Methods: We explored the protocol, outcome, and follow-up of 64 LDKT when D-R pair had recovered from COVID-19 in a retrospective, multicentre (n = 12) study from India between October 29, 2020, to December 1, 2021. There was no change in induction/ immunosuppression regimen in the study among different COVID-19 severity and is similar to standard practice.

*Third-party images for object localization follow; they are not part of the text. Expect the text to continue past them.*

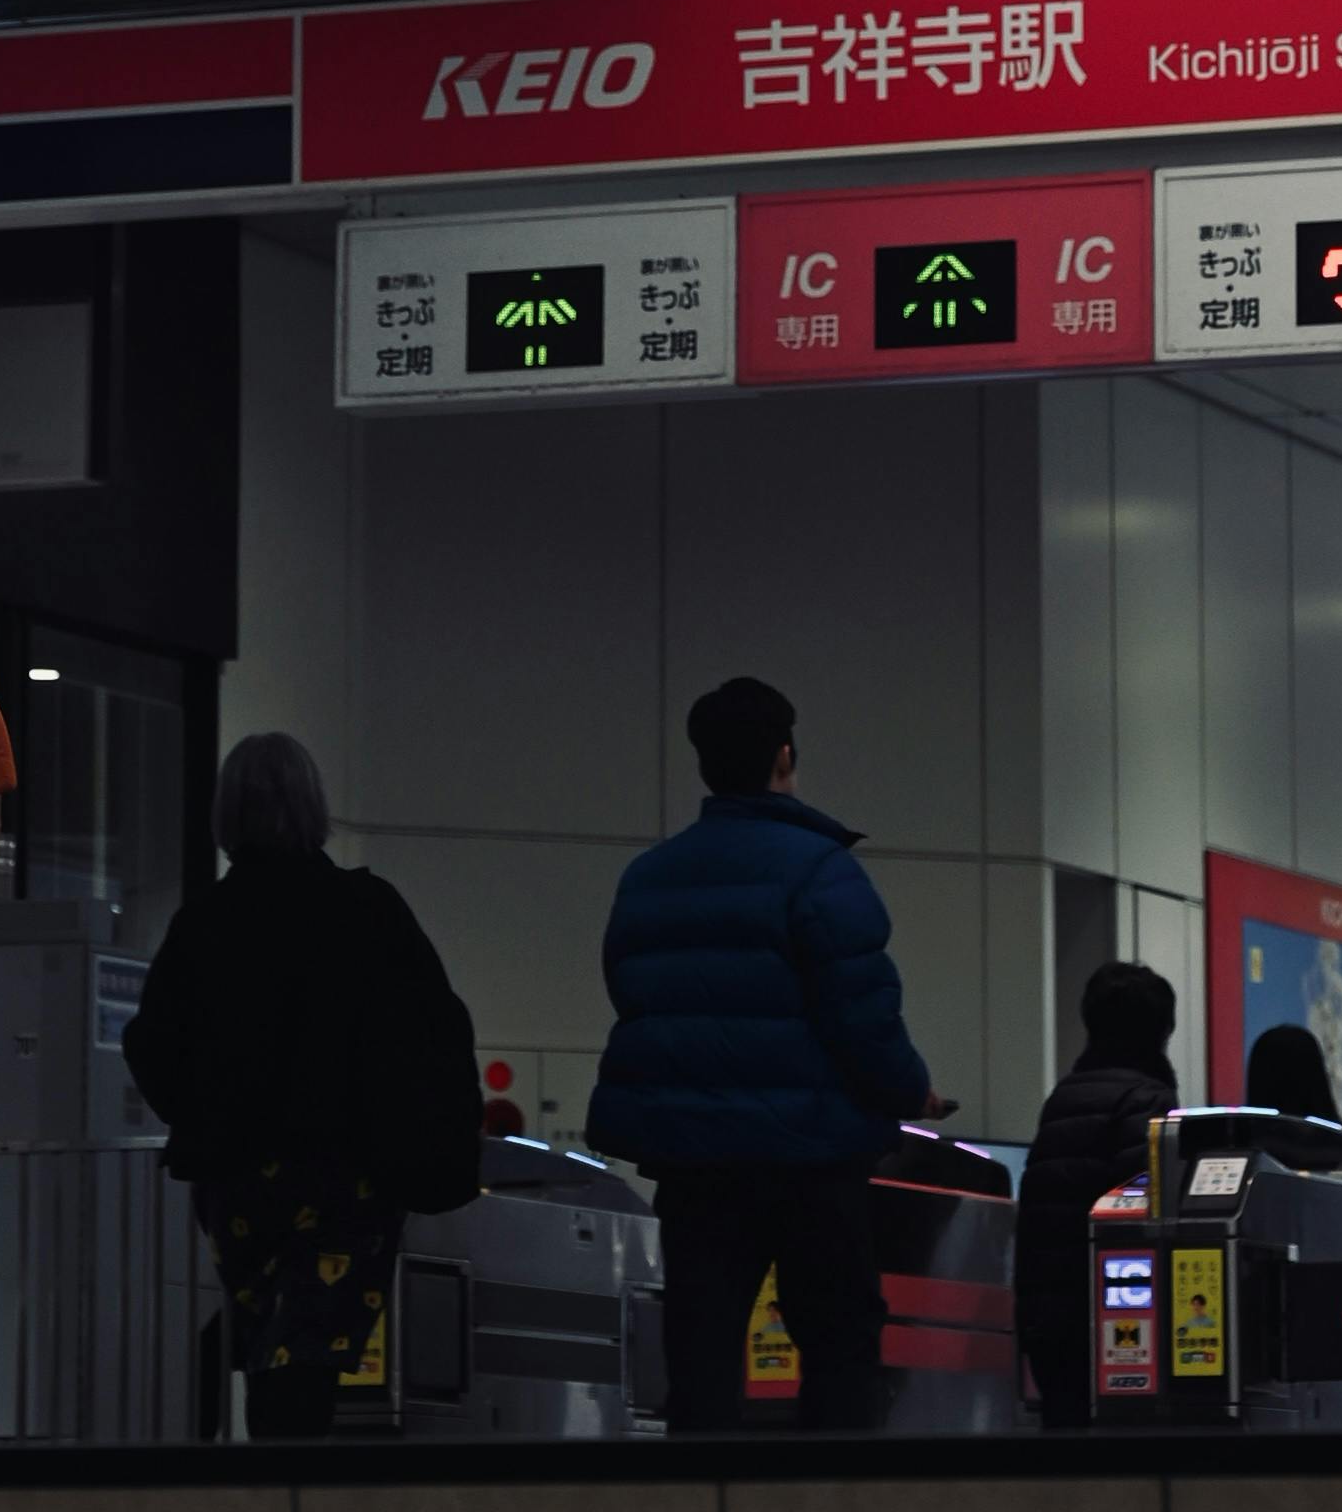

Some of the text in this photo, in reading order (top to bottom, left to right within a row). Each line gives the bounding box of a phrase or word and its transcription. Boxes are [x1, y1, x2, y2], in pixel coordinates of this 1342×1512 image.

[734, 0, 1087, 109] 吉祥寺駅
[1148, 33, 1320, 83] Kichijōji
[421, 42, 657, 120] KEIO
[779, 252, 838, 300] IC
[1055, 235, 1115, 284] IC
[1199, 246, 1262, 279] きっぷ
[775, 314, 840, 351] 専用
[1052, 297, 1117, 335] 専用
[1199, 297, 1261, 330] 定期
[377, 345, 433, 378] 定期
[639, 330, 698, 362] 定期
[1105, 1260, 1153, 1307] IC
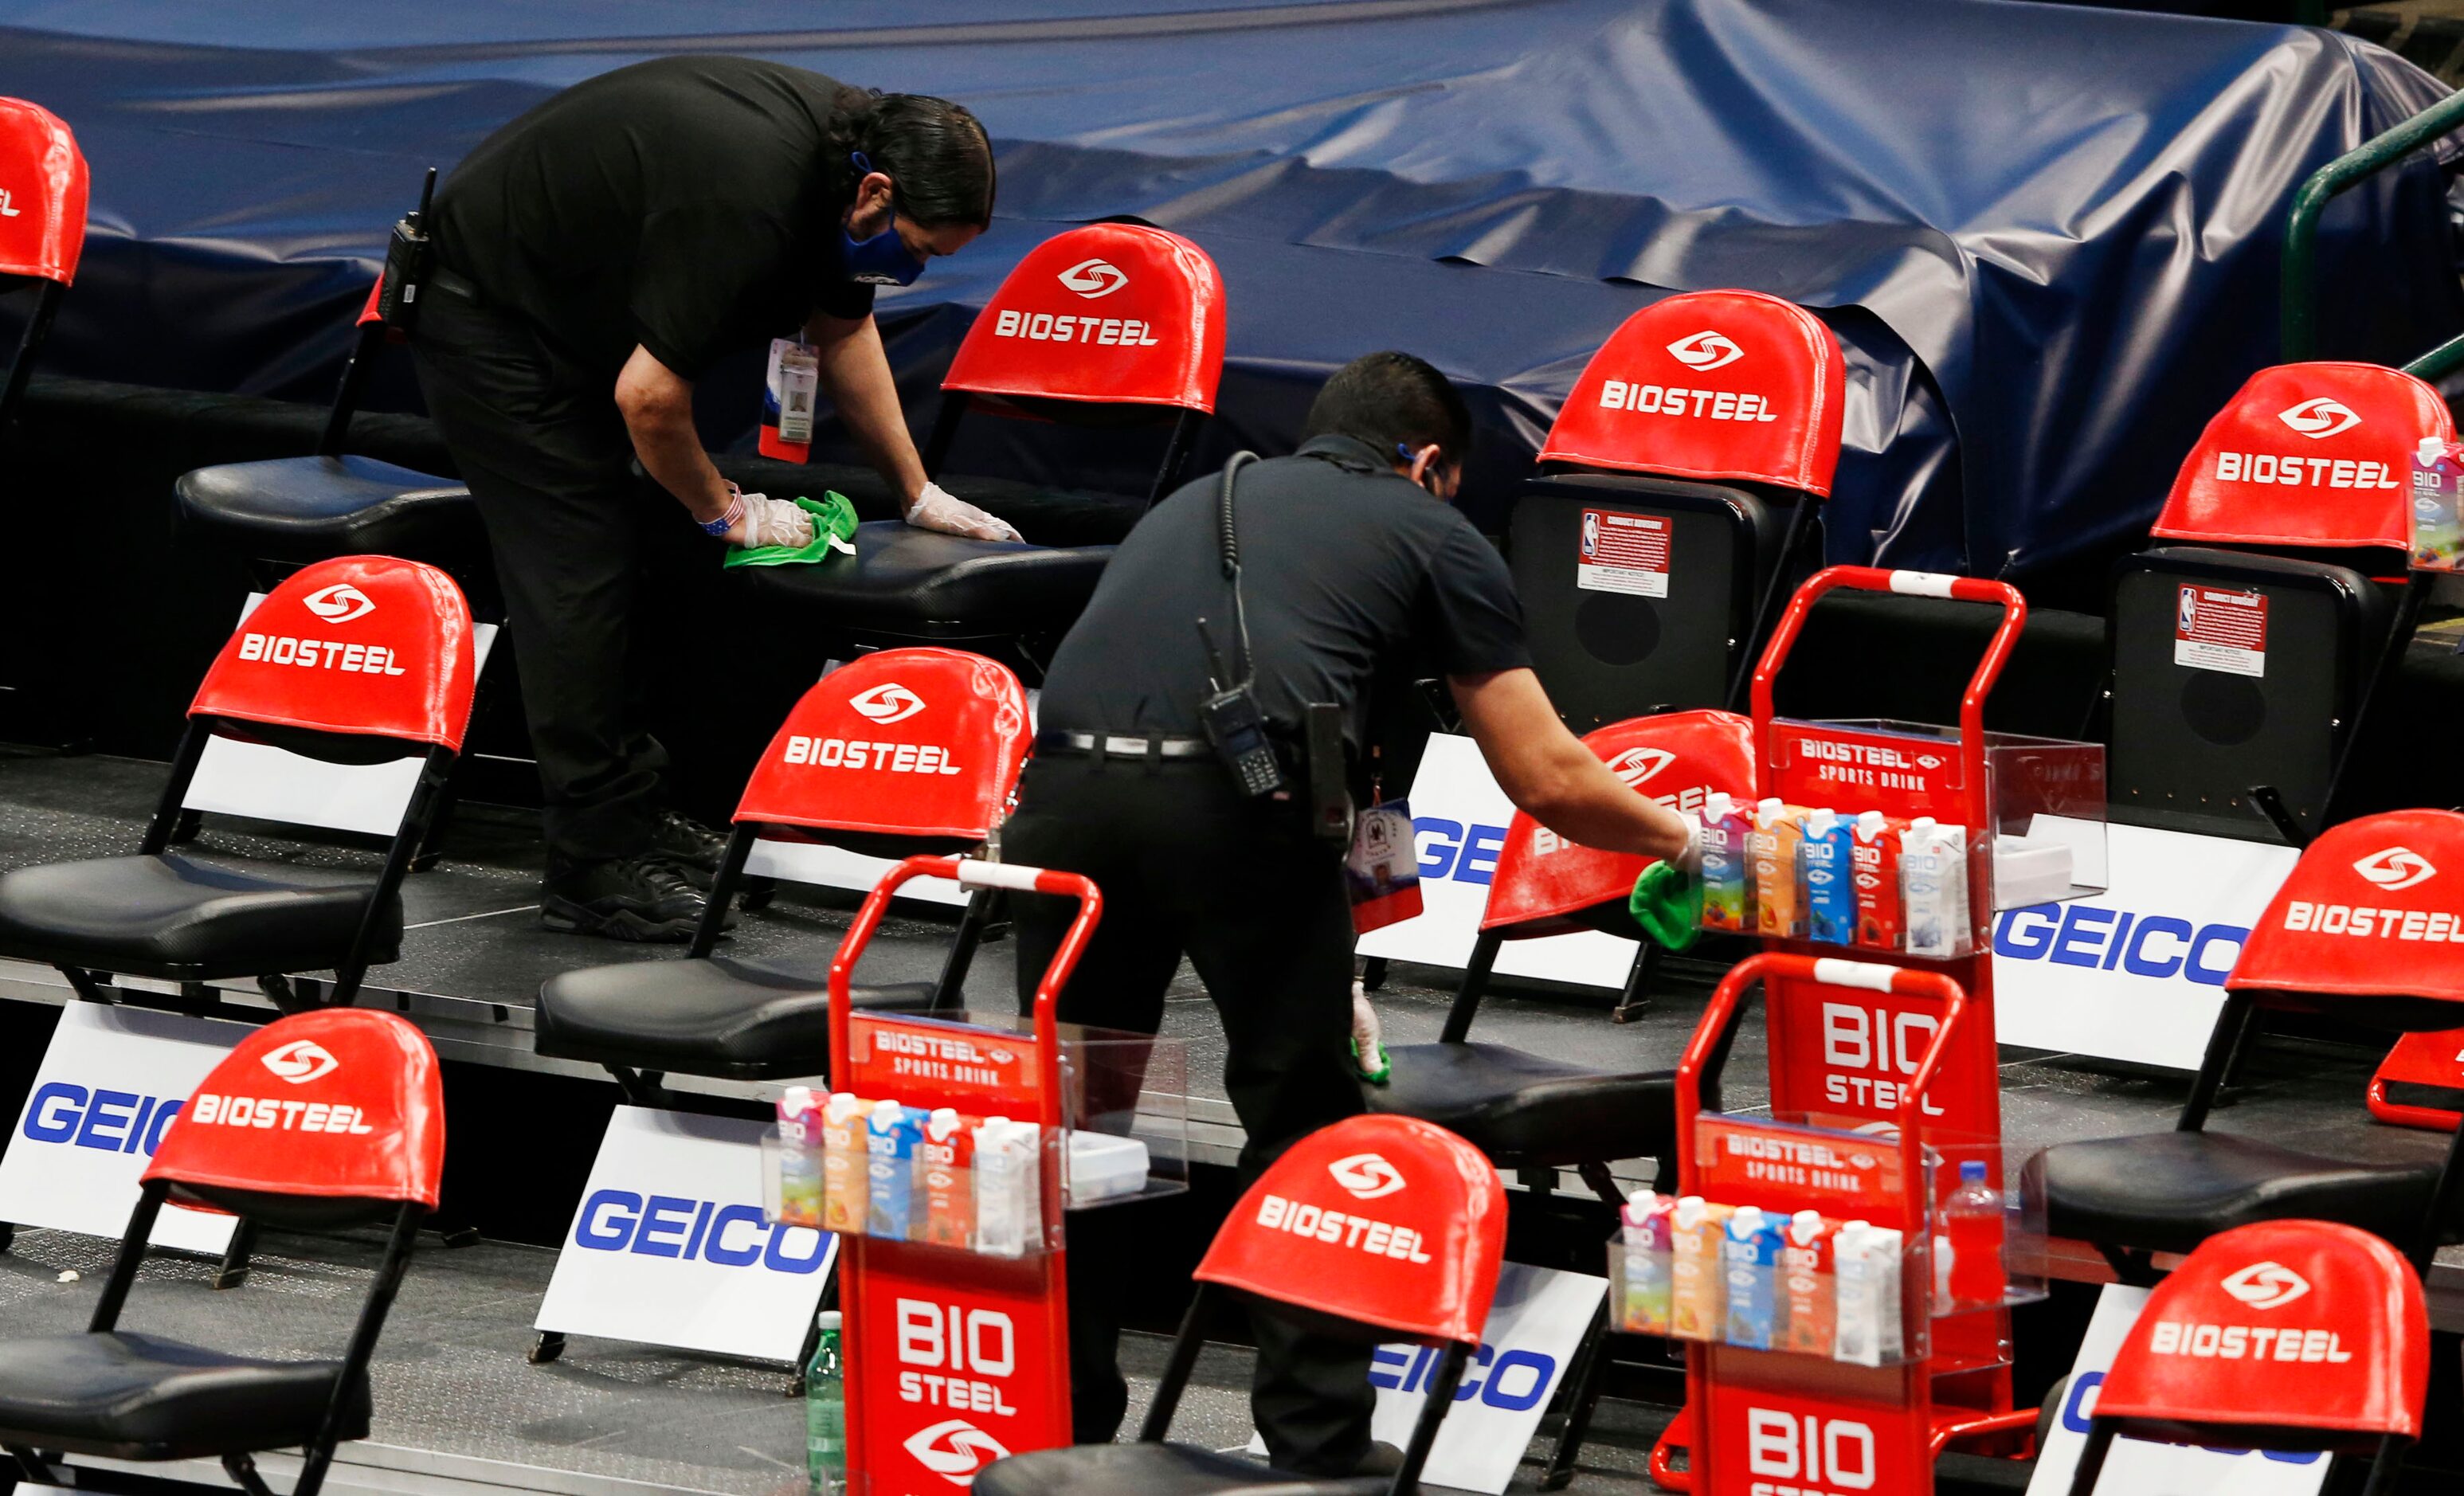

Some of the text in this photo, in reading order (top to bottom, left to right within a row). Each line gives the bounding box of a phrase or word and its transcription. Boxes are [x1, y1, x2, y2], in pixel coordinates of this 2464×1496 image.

[994, 310, 1159, 346] BIOSTEEL
[1599, 380, 1778, 424] BIOSTEEL
[2215, 451, 2401, 490] BIOSTEEL
[238, 632, 406, 676] BIOSTEEL
[783, 735, 962, 776] BIOSTEEL
[1800, 738, 1913, 770] BIOSTEEL
[1820, 763, 1926, 792] SPORTS DRINK
[2283, 899, 2464, 944] BIOSTEEL
[1993, 902, 2251, 987] GEICO
[875, 1029, 985, 1064] BIOSTEEL
[894, 1057, 1000, 1087] SPORTS DRINK
[191, 1094, 374, 1135] BIOSTEEL
[1726, 1133, 1845, 1169] BIOSTEEL
[1746, 1161, 1862, 1193] SPORTS DRINK
[574, 1189, 833, 1275] GEICO
[1256, 1193, 1432, 1265] BIOSTEEL
[897, 1298, 1015, 1378] BIO
[2149, 1320, 2352, 1364] BIOSTEEL
[899, 1370, 1017, 1417] STEEL
[1747, 1407, 1876, 1490] BIO
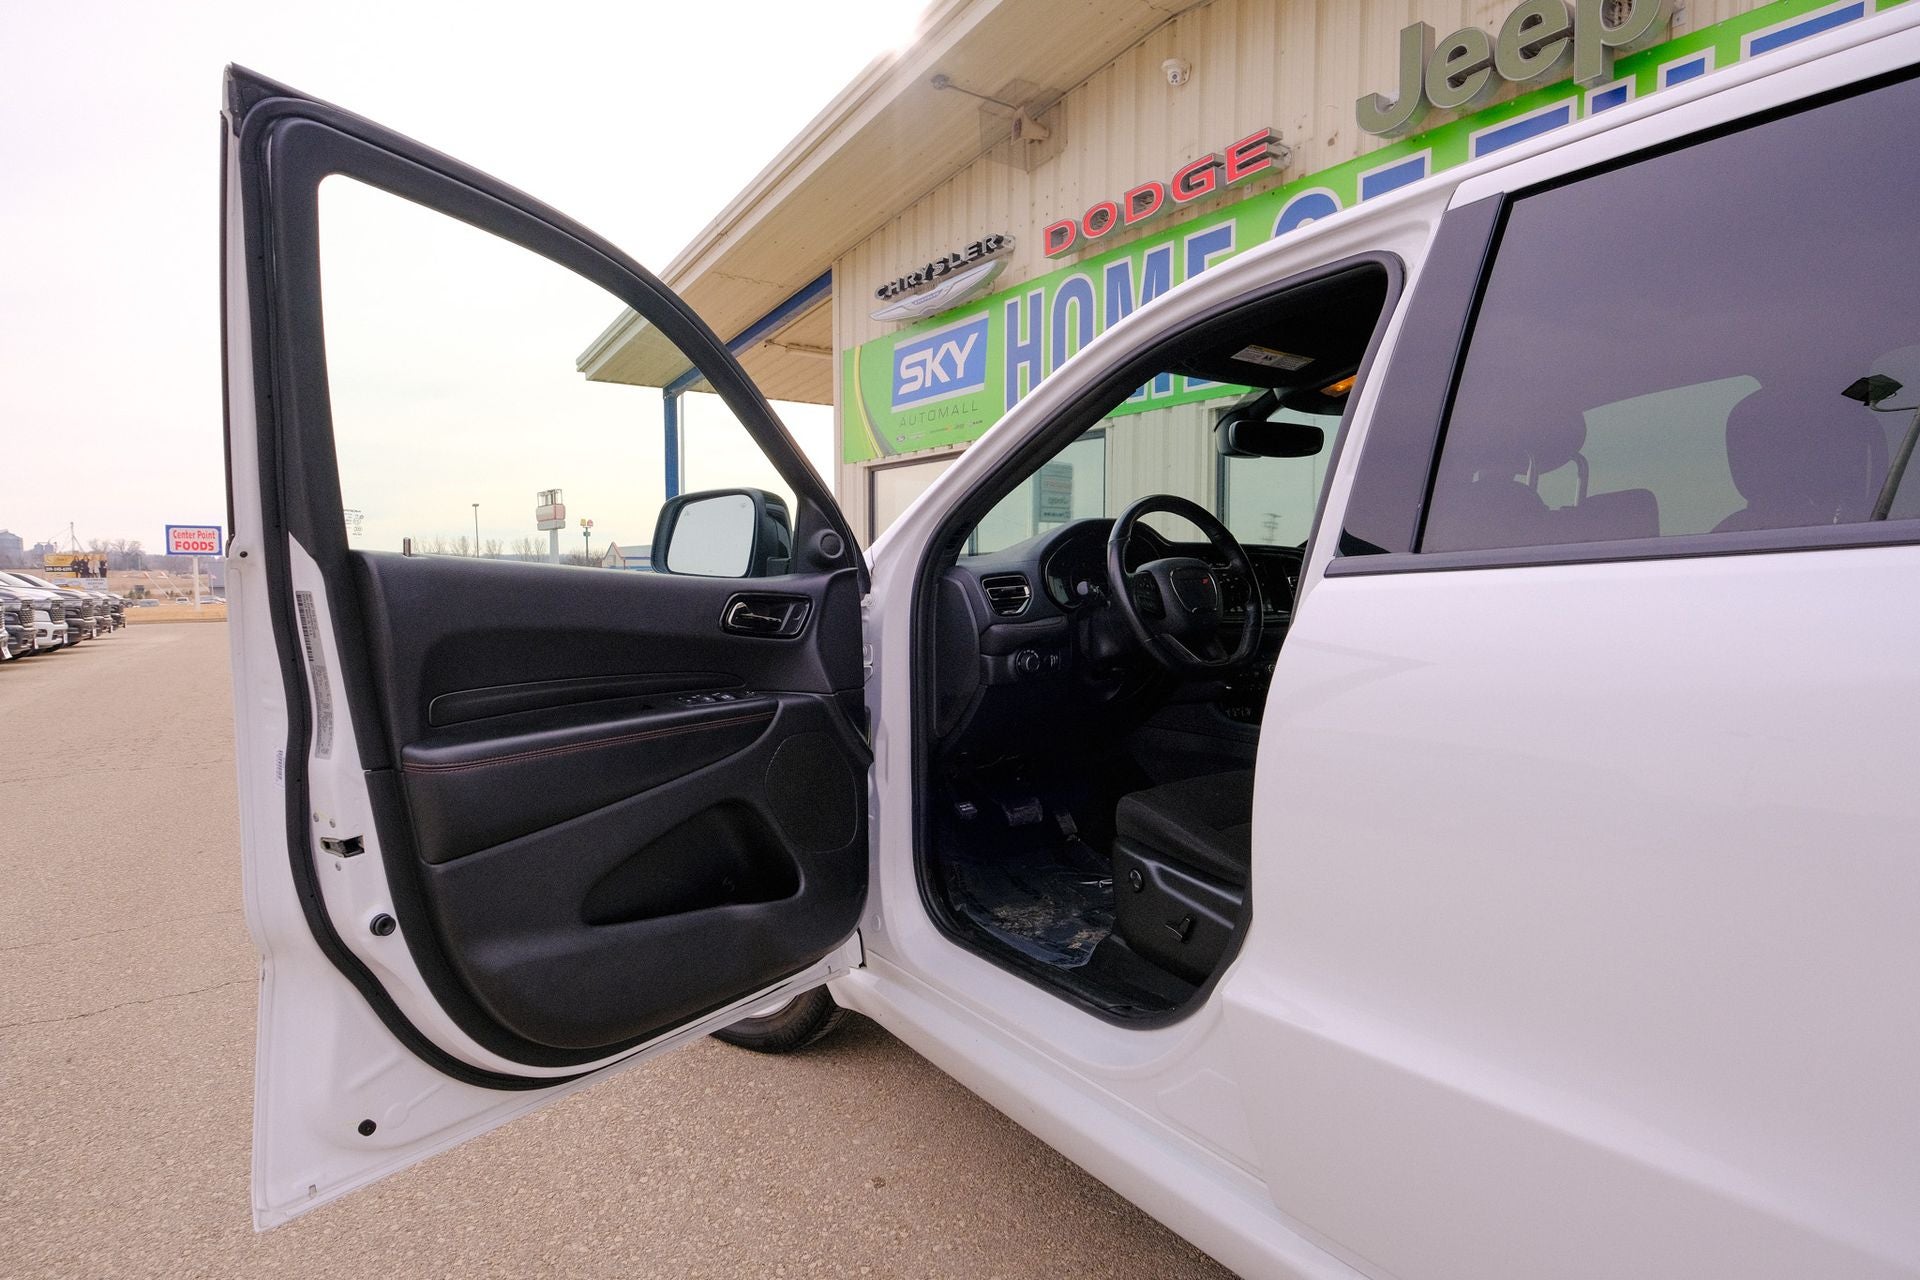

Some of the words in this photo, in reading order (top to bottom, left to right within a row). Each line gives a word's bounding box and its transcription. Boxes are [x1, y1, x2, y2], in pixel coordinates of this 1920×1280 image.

Results: Clinical severity in patients and donors was asymptomatic/ mild without requiring oxygen therapy in 77%(n=49), 95.4%(n=63) and moderate/ severe 4.6%(n=1) illness requiring oxygen therapy in 23%(n=15) and 4.6%(n=1), respectively. The mean ± SE(SD) waiting time from first documented RT-PCR negative to surgery for recipient and donor was 90.9 ± 9.27(74.1) and 47±4.5 (29.2) days respectively. Six (9.3%) episodes of biopsy-proven acute rejection (BPAR) were reported at follow-up of 214 ± 14.8(119) days and median (IQR) of 227(109-309) days. The locally weighted scatter plot smoothing curve for creatinine during follow-up in the D-R pair showed no trends of raised creatinine in the context of waiting time from COVID-19 to surgery. No graft loss, death, reactivation/reinfection, and any complications relating to surgery or COVID-19 were reported in the study.
Conclusions: Our report shows excellent outcomes and follow-up data of LDKT in recovered D-R pairs with the standard immunosuppression protocol. To date, this remains the first and the largest study of LDKT when D-R pair had prior COVID-19.